Pharmacokinetics of ganciclovir and valganciclovir in the adult horse

Equine herpes myeloencephalopathy, resulting from equine herpes virus type 1 (EHV-1) infection, is associated with substantial morbidity and mortality in the horse. As compared to other antiviral drugs, such as acyclovir, ganciclovir has enhanced potency against EHV-1. This study investigated the pharmacokinetics of ganciclovir and its oral prodrug, valganciclovir, in six adult horses in a randomized cross-over design. Ganciclovir sodium was administered intravenously as a slow bolus at a dose of 2.5mg/kg, and valganciclovir was administered orally at a dose of 1800mg per horse.
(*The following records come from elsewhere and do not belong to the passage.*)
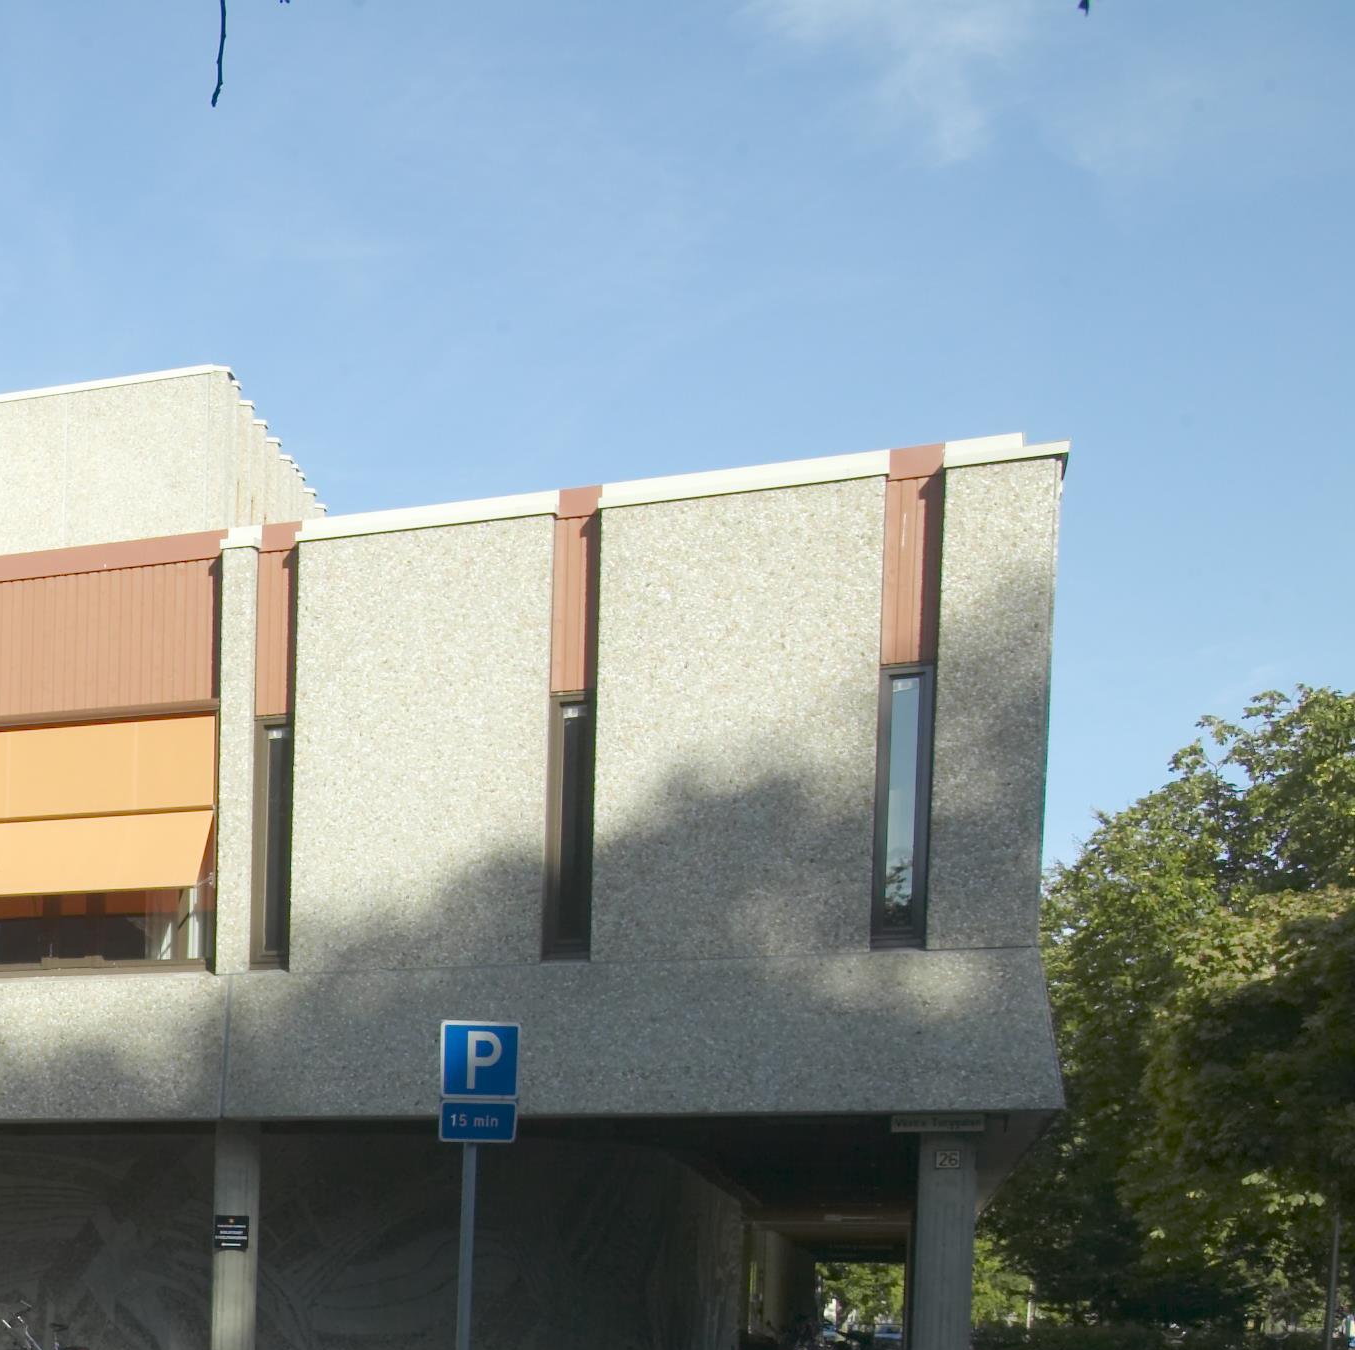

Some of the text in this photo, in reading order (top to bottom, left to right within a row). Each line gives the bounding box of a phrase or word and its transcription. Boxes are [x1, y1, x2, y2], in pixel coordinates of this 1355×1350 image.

[466, 1030, 503, 1090] P
[450, 1113, 499, 1128] 15 min
[938, 1151, 958, 1167] 26
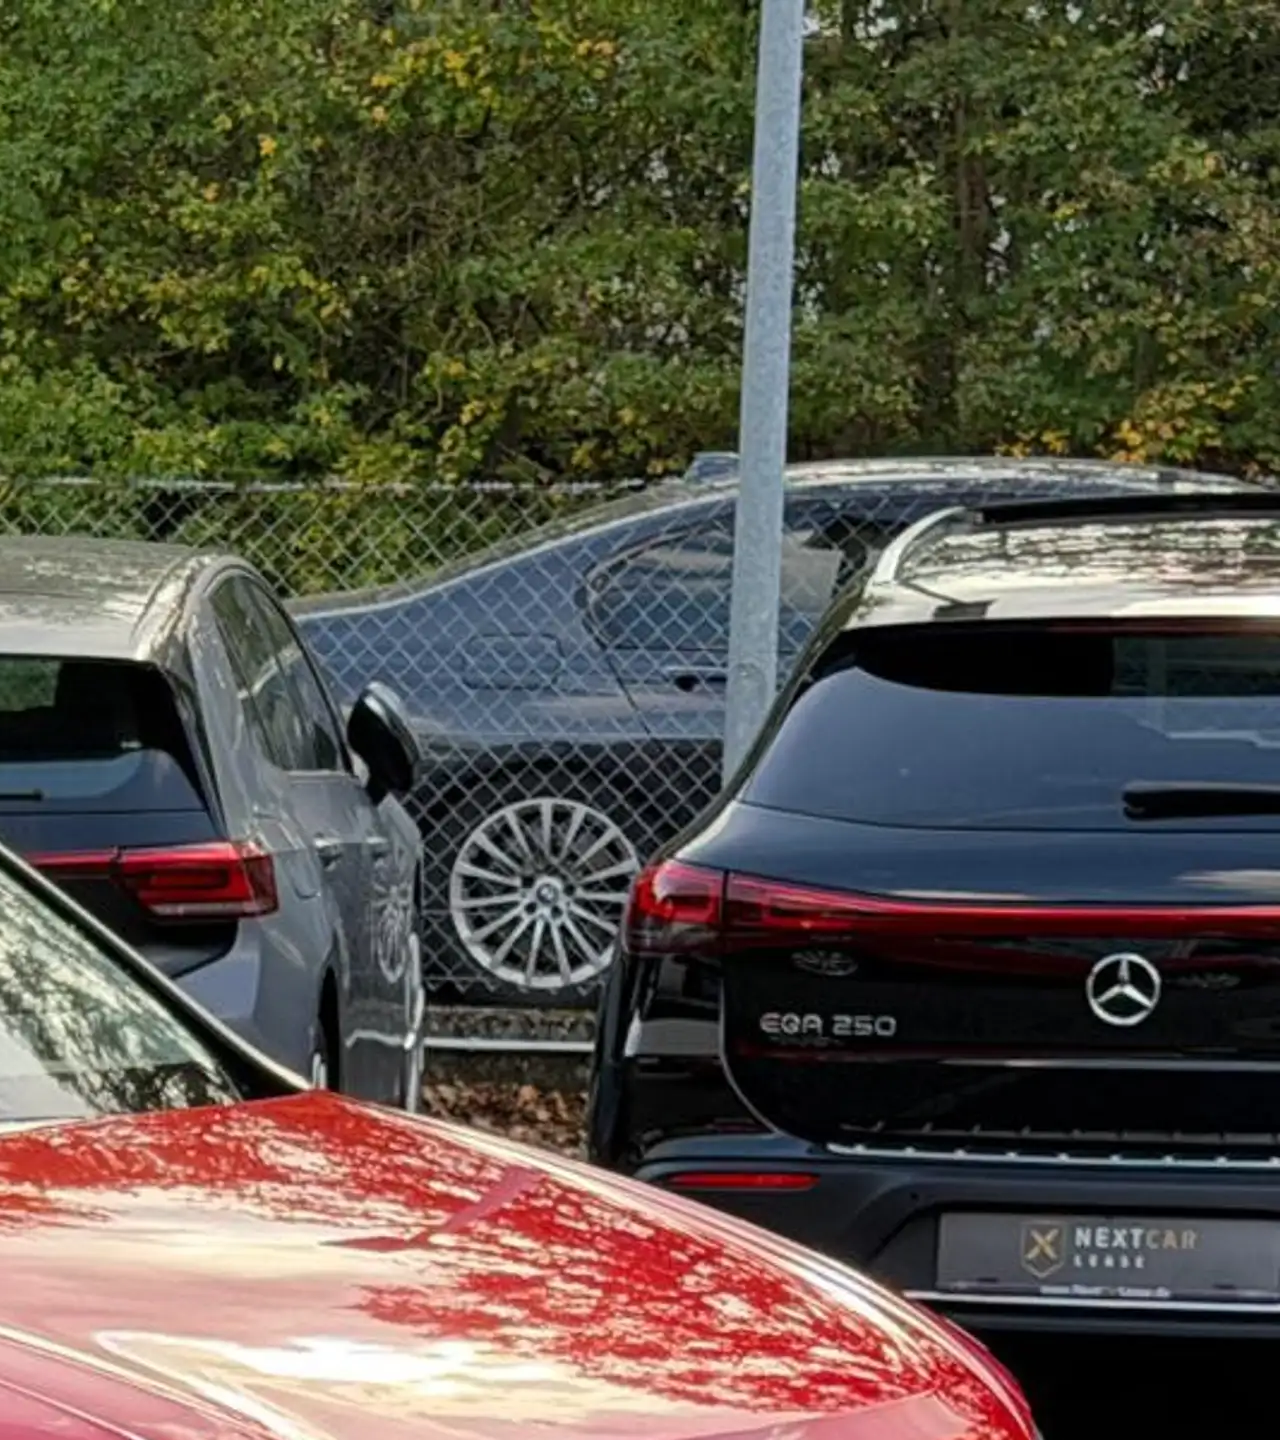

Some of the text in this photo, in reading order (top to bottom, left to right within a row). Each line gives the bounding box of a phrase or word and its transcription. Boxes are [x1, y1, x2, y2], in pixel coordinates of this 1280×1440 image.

[760, 1012, 896, 1036] EQA 250
[1074, 1227, 1197, 1249] NEXTCAR
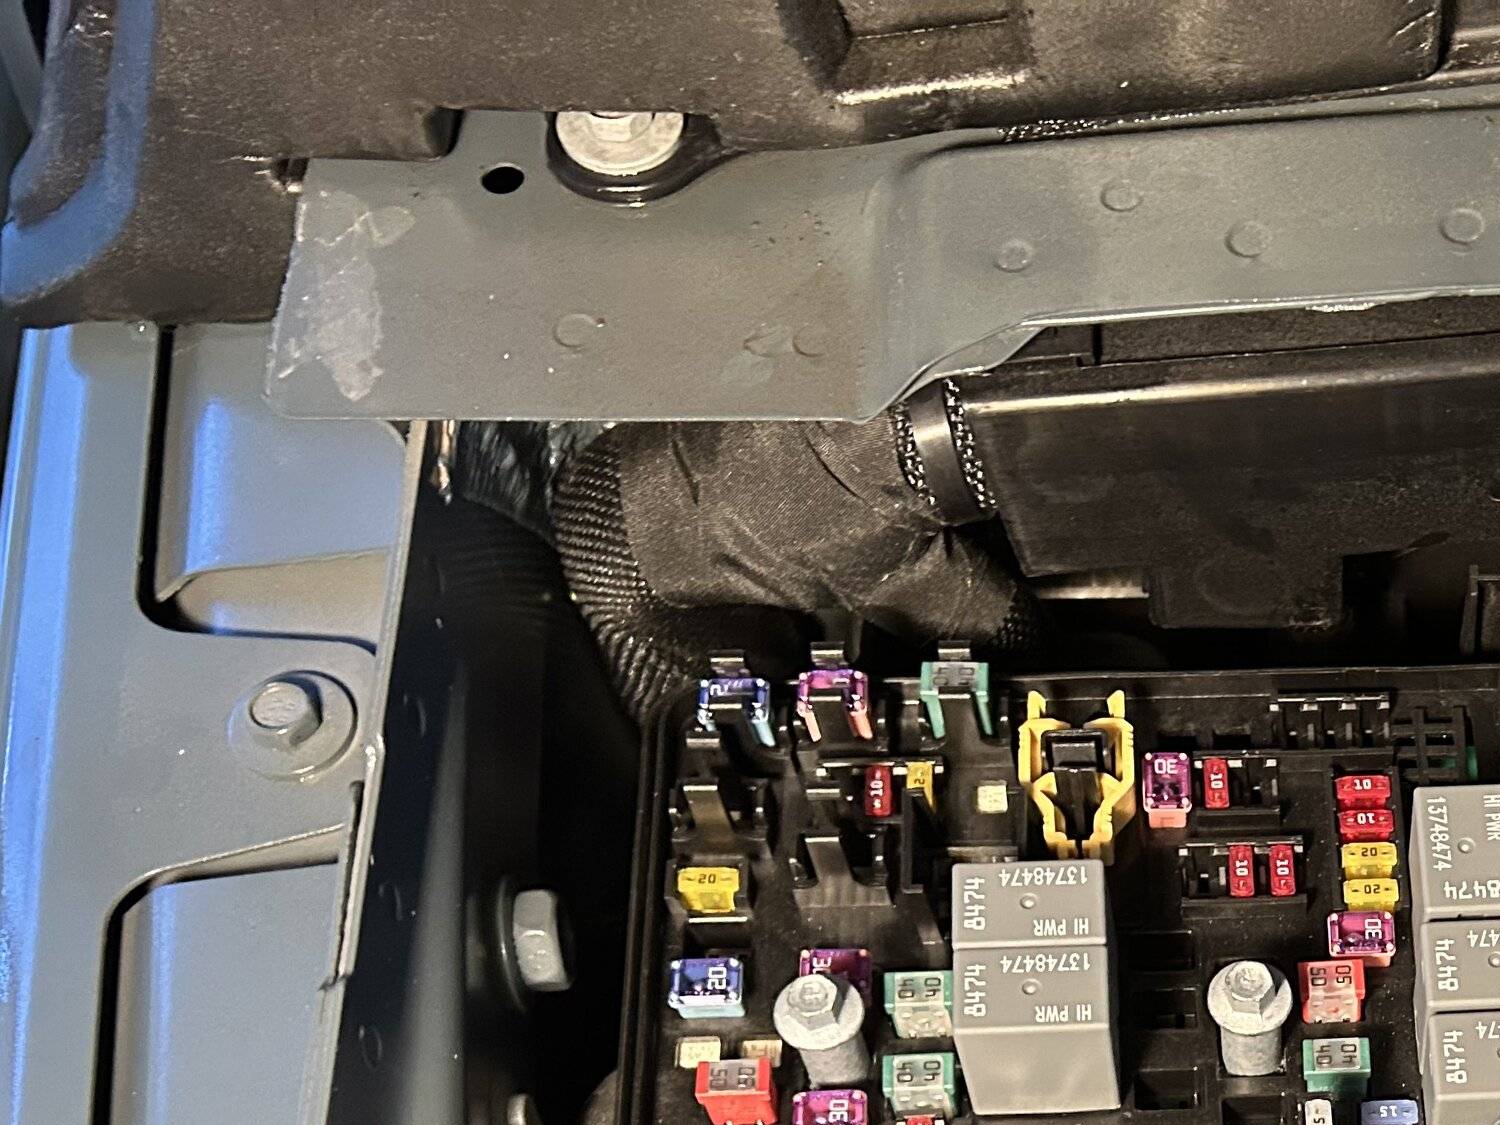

Intravenously administered ganciclovir disposition was best described by a three-compartment model with a prolonged terminal half-life of 72 +/- 9h. Following the oral administration of valganciclovir, the mean observed maximum serum ganciclovir concentration was 0.58 +/- 0.37g/mL, and bioavailability of ganciclovir from oral valganciclovir was 41 +/- 20%. Superposition predicted that oral dosing of 1800-mg valganciclovir two times daily would fail to produce and maintain effective plasma concentrations of ganciclovir. However, superposition suggested that i.v. administration of ganciclovir at 2.5mg/kg every 8h for 24h followed by maintenance dosing of 2.5mg/kg every 12h would maintain effective ganciclovir serum concentrations in most horses throughout the dosing interval.